Sarah Brown and Steve Schey


The outlook for patients with multiple myeloma relapsing after optimal therapy with thalidomide, lenalidomide and bortezomib is poor, and patients with disease refractory to initial treatments have an especially poor prognosis. There is no consensus on the optimal therapy for these patients. Drug D is a uniquely structured alkylating anti-tumour agent that lacks cross-resistance with other alkylating agents. There is very good evidence to show that combinations of an alkylator, thalidomide and corticosteroid are effective in treating patients with relapsed/refractory multiple myeloma (Facon et al. 2007; Palumbo et al. 2006, 2008). Drug D in combination with thalidomide and dexamethasone is therefore proposed as a combination therapy for phase II investigation in this population of patients. Data are available suggesting that drug D adds to the activity of other combination therapies; the optimal dose of drug D as combination therapy is not, however, known. A dose selection study is proposed to consider the optimal dose of drug D in combination with thalidomide and dexamethasone (DTD). A phase II selection study of DTD (dose 1) versus DTD (dose 2) is proposed.


Stage 1 – Trial questions


Therapeutic considerations


Mechanism of action: Drug D is an alkylating agent which, when given in combination with thalidomide and dexamethasone, is expected to induce disease response.

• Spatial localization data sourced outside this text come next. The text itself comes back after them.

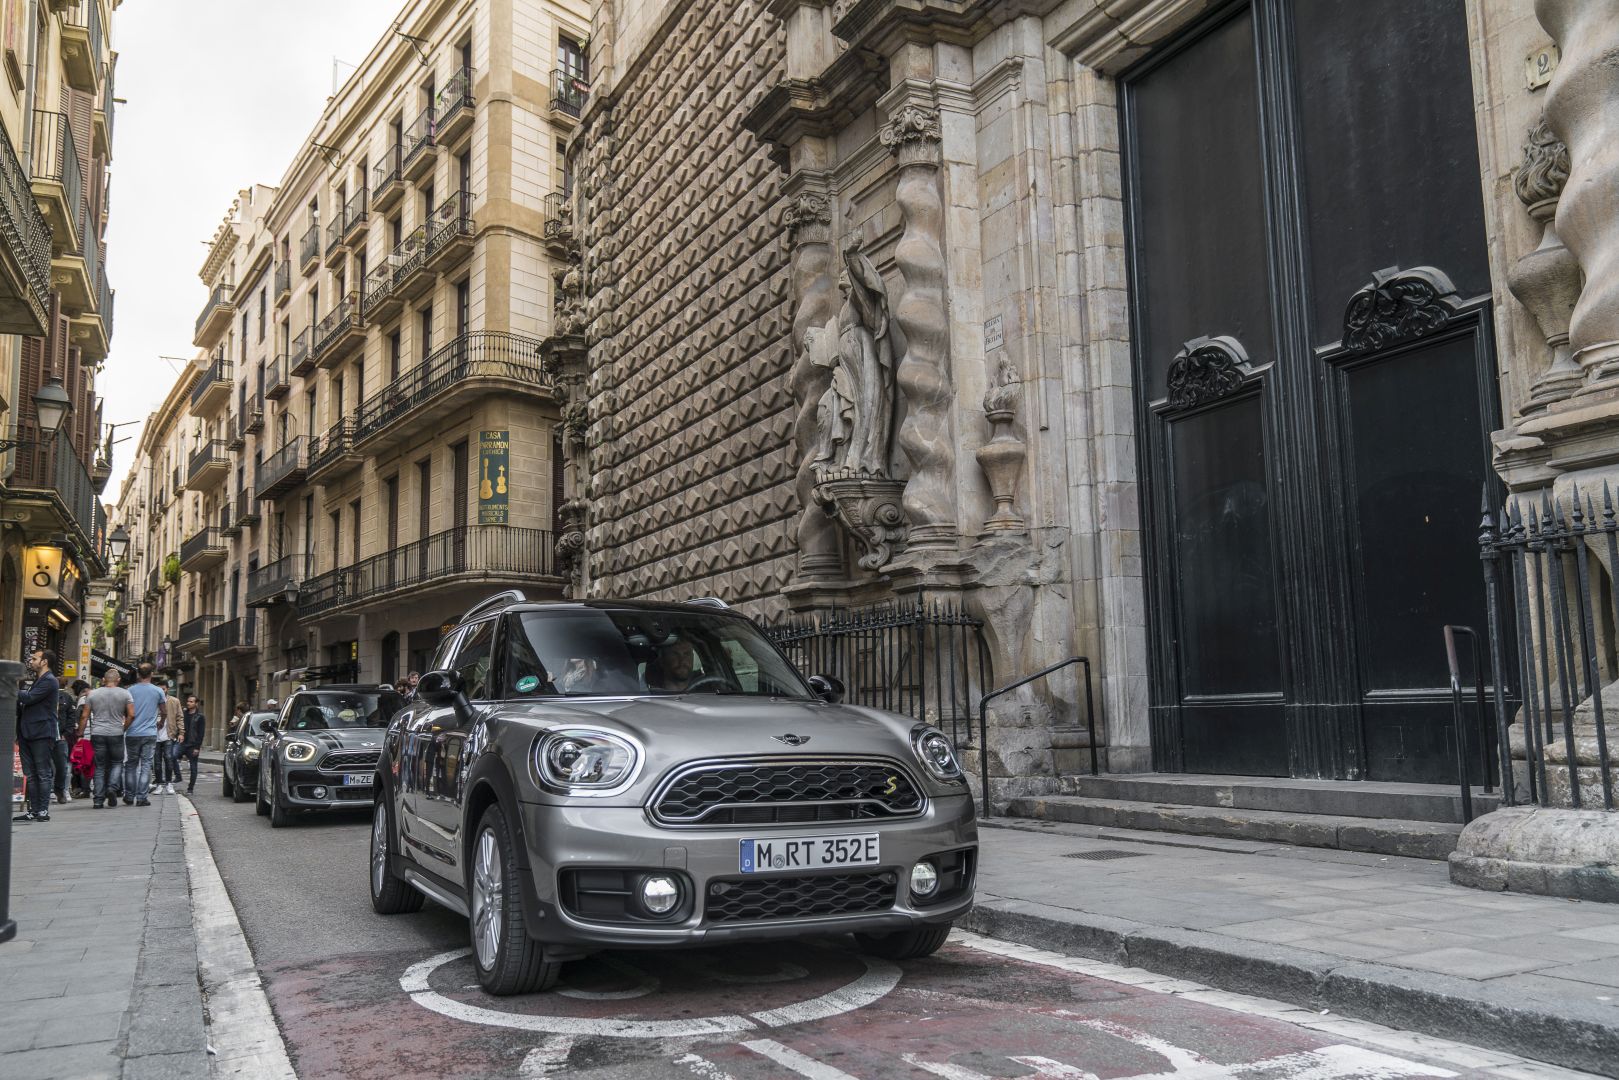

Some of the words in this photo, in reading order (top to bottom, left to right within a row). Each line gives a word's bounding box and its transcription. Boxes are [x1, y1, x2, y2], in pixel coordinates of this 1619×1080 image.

[1537, 53, 1550, 76] 2
[485, 431, 501, 439] CASA
[350, 776, 355, 784] M
[757, 842, 772, 868] M
[786, 841, 815, 866] RT
[821, 837, 878, 864] 352E
[744, 859, 751, 867] D

Aim of treatment: The ultimate aim of treatment in this population of patients is to improve overall survival. Whilst it may be demonstrated that a drug may be active ex vivo, this is not of value unless it is at doses that can be achieved in vivo. Progression-free and event-free survival may also be desirable endpoints. Whilst activity can often be demonstrated ex vivo, for a drug to be effective as a treatment, it needs to be shown that the drug can be delivered in patients at the dose required without unacceptable toxicity. It is known from previous studies of similar treatments that patients may have difficulty receiving a full course of treatment due to cumulative haematological toxicities. Such cumulative toxicity, emerging in later cycles, may not be identified in phase I studies where the tolerability usually focuses on cycle 1. It is, therefore, important to demonstrate not only anti-tumour activity, indicating potential to improve overall survival, but also acceptable tolerability and the ability to deliver the treatment, when recommending an optimal dose.


Single or combination therapy: Drug D is to be given in combination with thalidomide and dexamethasone.

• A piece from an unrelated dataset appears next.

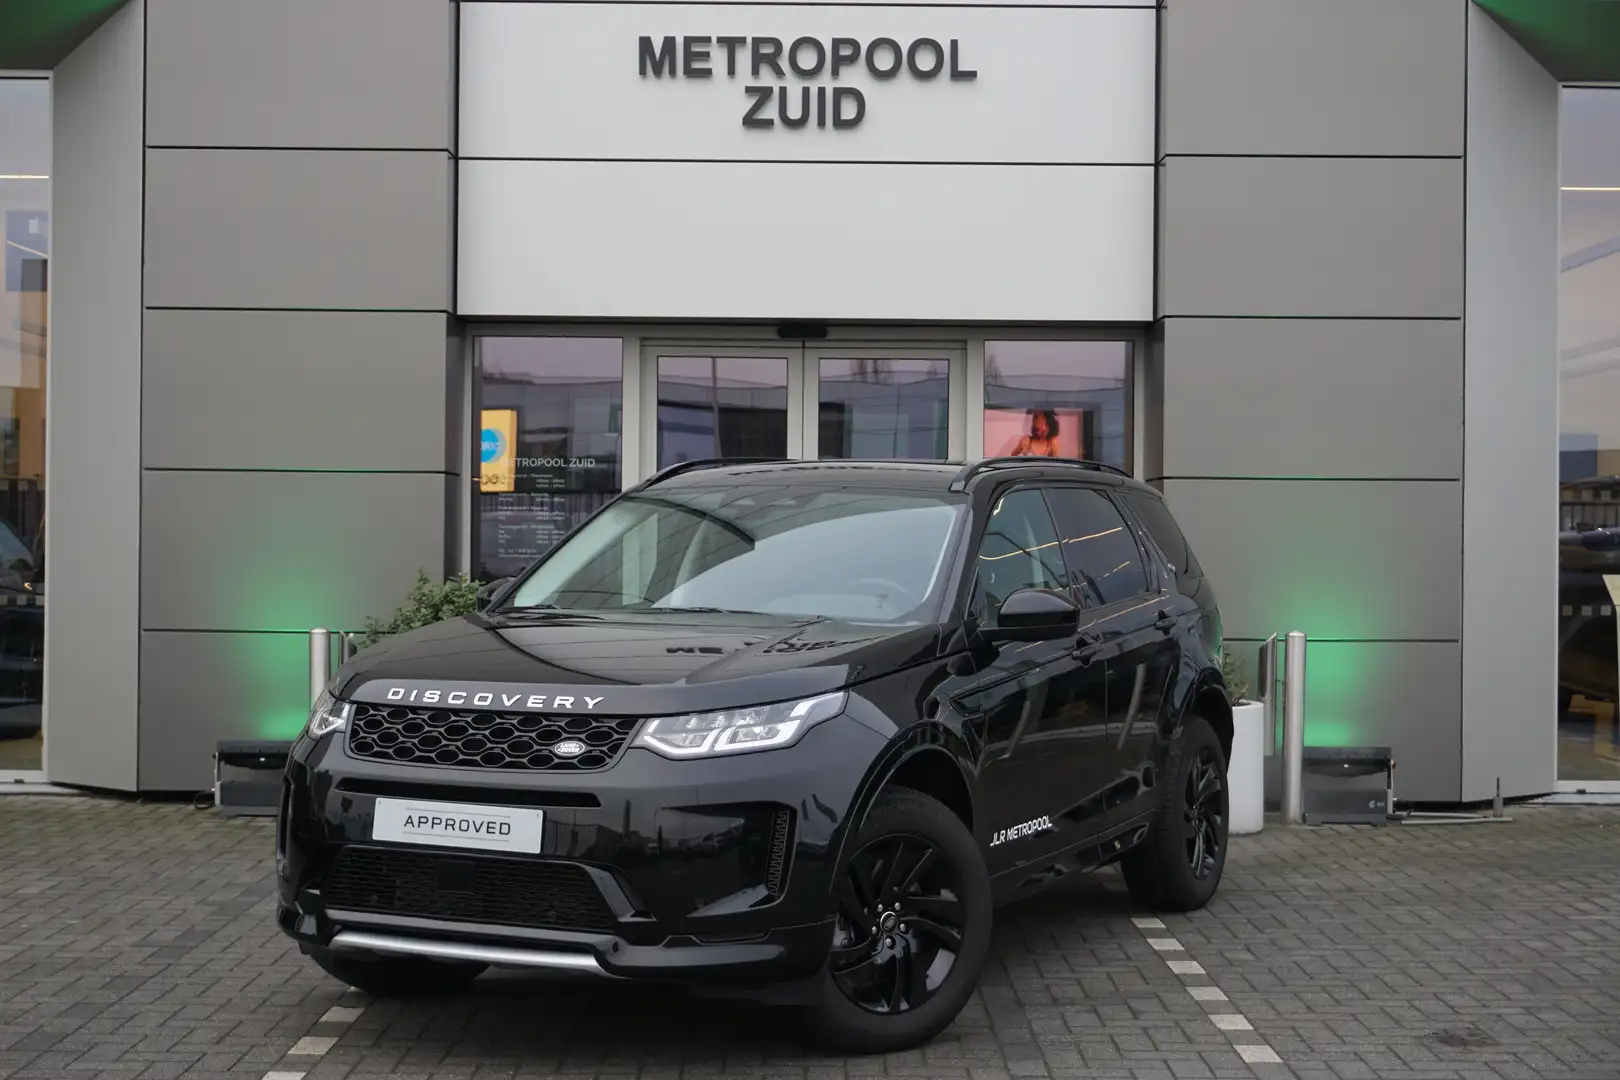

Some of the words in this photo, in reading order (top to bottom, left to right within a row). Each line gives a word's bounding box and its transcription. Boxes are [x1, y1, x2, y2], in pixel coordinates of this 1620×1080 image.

Biomarkers: Although aberrant expression of phenotypic, cytogenetic or molecular markers can be used to define poor prognosis disease, there are no agreed biomarkers consistently demonstrated to be associated with response or prognosis for drug D, or with regard to outcome measures of disease activity in this setting, to enable patient enrichment or alternative assessment of therapeutic activity. Paraprotein is used as a surrogate marker of tumour bulk in secretory myeloma whilst the serum-free light chains can be utilised in the less common light-chain myeloma or non-secretory disease. They are monitored serially during treatment to assess the response to treatment but are less sensitive than immunophenotyping in identifying minimal residual disease. Currently, there is a lack of robust, prospective data for the use of alternative biomarkers but validation studies are ongoing.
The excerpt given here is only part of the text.